The Scud-B, the basic Iraqi model, weighs 5,900 kg (13,000 pounds). The Patriot weighs about one-tenth that much, but that isn’t even the real comparison, because these 1991-model Patriots weren’t designed to hit the target, just get near it and detonate a very small warhead. So it was more like rolling a bowling ball down the alley, then trying to roll a billiard ball at it with a firecracker taped on, in the hope of deflecting the bowling ball into the gutter.

Or imagine trying to stop a falling grain silo by tossing a hand grenade at it. Unlikely.

The best chance a Patriot had against a huge tube like the Scud-B was to ignite the fuel or detonate the warhead. The first Patriot model used tiny fragments as shrapnel (about two grams each), but as the mission evolved from killing fragile jets to bringing down grain-silo sized unguided Scuds, the size of the fragments grew, up to 45 grams, about two ounces, in the PAC-2 model.
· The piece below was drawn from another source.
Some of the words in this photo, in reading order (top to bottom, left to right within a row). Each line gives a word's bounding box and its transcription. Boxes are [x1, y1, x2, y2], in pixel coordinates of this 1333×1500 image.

Check out this classic Cold-War video to see the C model in action, accompanied by Casio soundtrack and Disney narration.

Eventually, American defense contractors were forced, against every instinct they had, to come up with something as hard, straightforward, and primitive as the Scud itself.
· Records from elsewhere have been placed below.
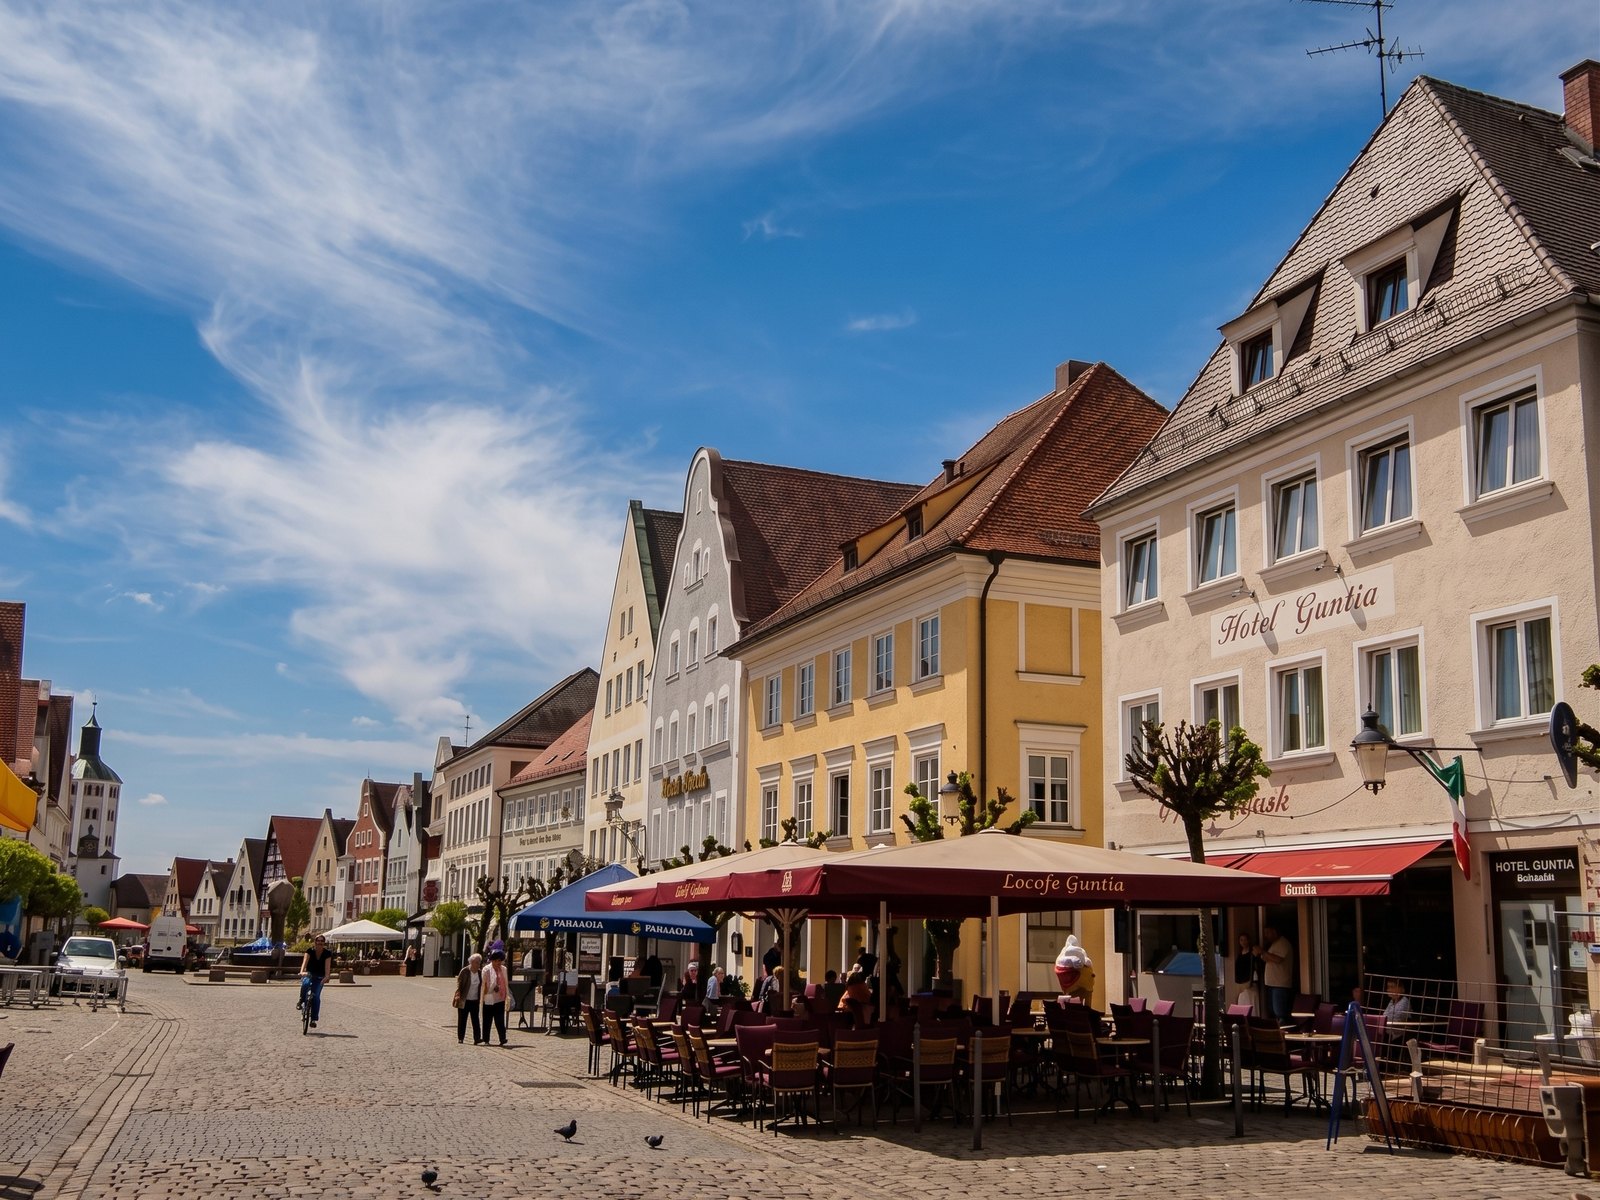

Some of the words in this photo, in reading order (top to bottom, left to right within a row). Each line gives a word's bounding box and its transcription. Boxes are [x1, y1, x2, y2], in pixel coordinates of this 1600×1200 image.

[1218, 599, 1286, 645] Hotel
[1295, 584, 1378, 635] Guntia
[1495, 861, 1530, 872] HOTEL
[1532, 858, 1575, 871] GUNTIA
[1002, 873, 1060, 896] Locofe
[1066, 875, 1125, 894] Guntia
[1285, 883, 1317, 895] Guntia
And that’s how the strangest Patriot of all, the “kinetic energy” variant, was born. “Kinetic energy” is one of those wonderful DoD terms that make blunt facts seem very arcane. It means, basically, “hit a rock with a rock.” The PAC-3 version of the Patriot, the “kinetic energy” version, was the first model designed to hit the target, not just get near it and spray shrapnel at it. The PAC-3 still used shrapnel, (called a “lethality enhancer” in that wonderful DoD lingo) but that was a backup system, an added option; the basic weapon was simply a big heavy weight thrown at the target at very high speed.

It’s a matter of what one great cartoonist called “Relativistic Baseball,” meaning if you throw an ordinary baseball fast enough, say two-thirds the speed of light, you could destroy an entire city with it. The Patriot PAC-3 obviously doesn’t approach that kind of velocity, but it does reach a speed high enough to burn into the target and ignite whatever’s inside it, warhead, propellant, even fuselage.
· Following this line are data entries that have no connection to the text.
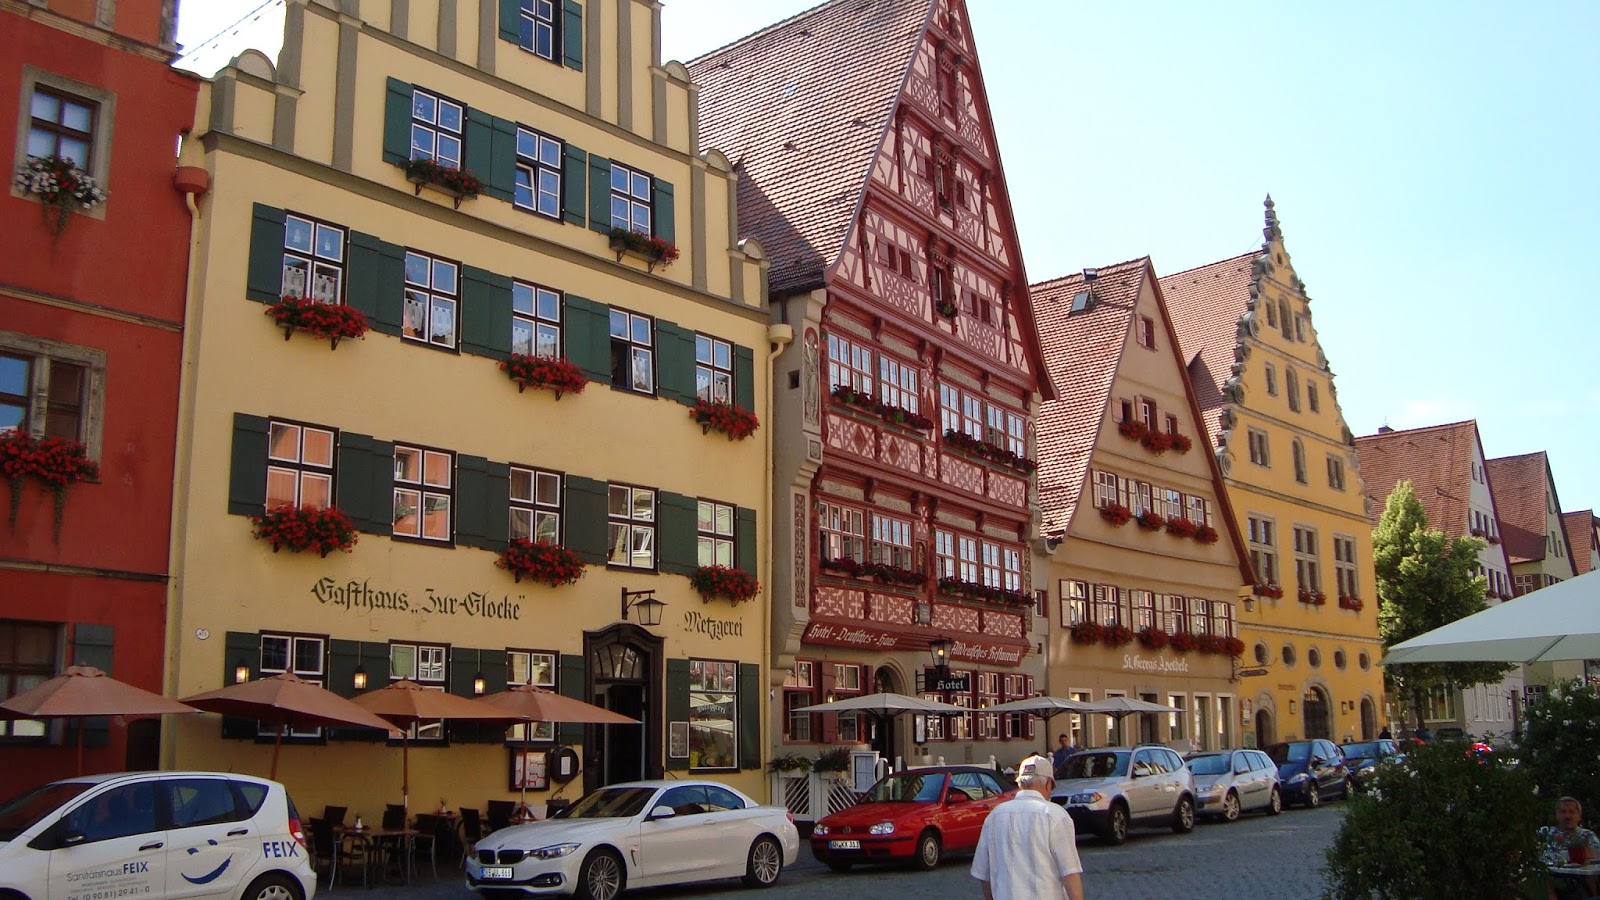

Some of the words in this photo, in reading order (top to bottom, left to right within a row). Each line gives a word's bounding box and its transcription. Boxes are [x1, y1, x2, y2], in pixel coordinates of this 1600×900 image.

[311, 577, 409, 613] Gasthaus
[684, 611, 743, 641] Metzgerei
[808, 623, 833, 639] Hotel
[936, 680, 964, 691] Hotel
[262, 841, 299, 858] FEIX
[123, 861, 149, 875] FEIX
It’s a kind of weapon the original Cold-War designers could never have imagined. They had no computing power worth mentioning, so they made up for it with warhead power, often nukes. Both the Patriot and the Scud have ancestors which used nuclear warheads.

The Scud only makes sense as a weapon when armed with a nuclear warhead. Without it, it’s a lame retro gimmick, a bigger and more expensive V2.

But the Patriot has a big-bang ancestor too: the Nike Hercules MIM-14, which used a nuclear warhead to blow up anything within a sphere the size of a small city, in theory saving the inhabitants of American cities from nuclear annihilation, while bathing them in fallout which would give them free tanning for life, what was left of it.

Compare the Patriot MIM PAC-3 with the MIM-14 and you see a very weird progression, from massive warhead to…no warhead at all. Computing power replaces explosive power, or tries to.

It’s an odd development. I can’t think of another moment in military history when contending powers dialed down their weapons to something close to zero, as the US and Soviet developers did.

There’s a line in Book of the New Sun:

“The armies of this age are weak.”

I’m not sure you can quite say that, but I will say that the armies of this age are just plain weird.

So, did those Saudi Patriots bring down those alleged Houthi Scuds? Since the Saudis aren’t one of those journalism-friendly armies (or countries), it’s difficult to know. It seems unlikely that the Houthi could have smuggled three gigantic Scuds to Saada intact and launched them effectively. In fact, who knows if the missiles launched were actually Scuds. If they were then it’s just as likely that the Houthis who fired them did it wrong as that the Saudi crews -- if the Patriots were actually crewed by Saudis – knocked them out of the sky.

Notice all the ‘ifs’ in this scenario. That’s typical of any Patriot-Scud engagement. In a fight-to-the-death between two intentionally dialed-down, weak weapons, the natural outcome is a fizzle.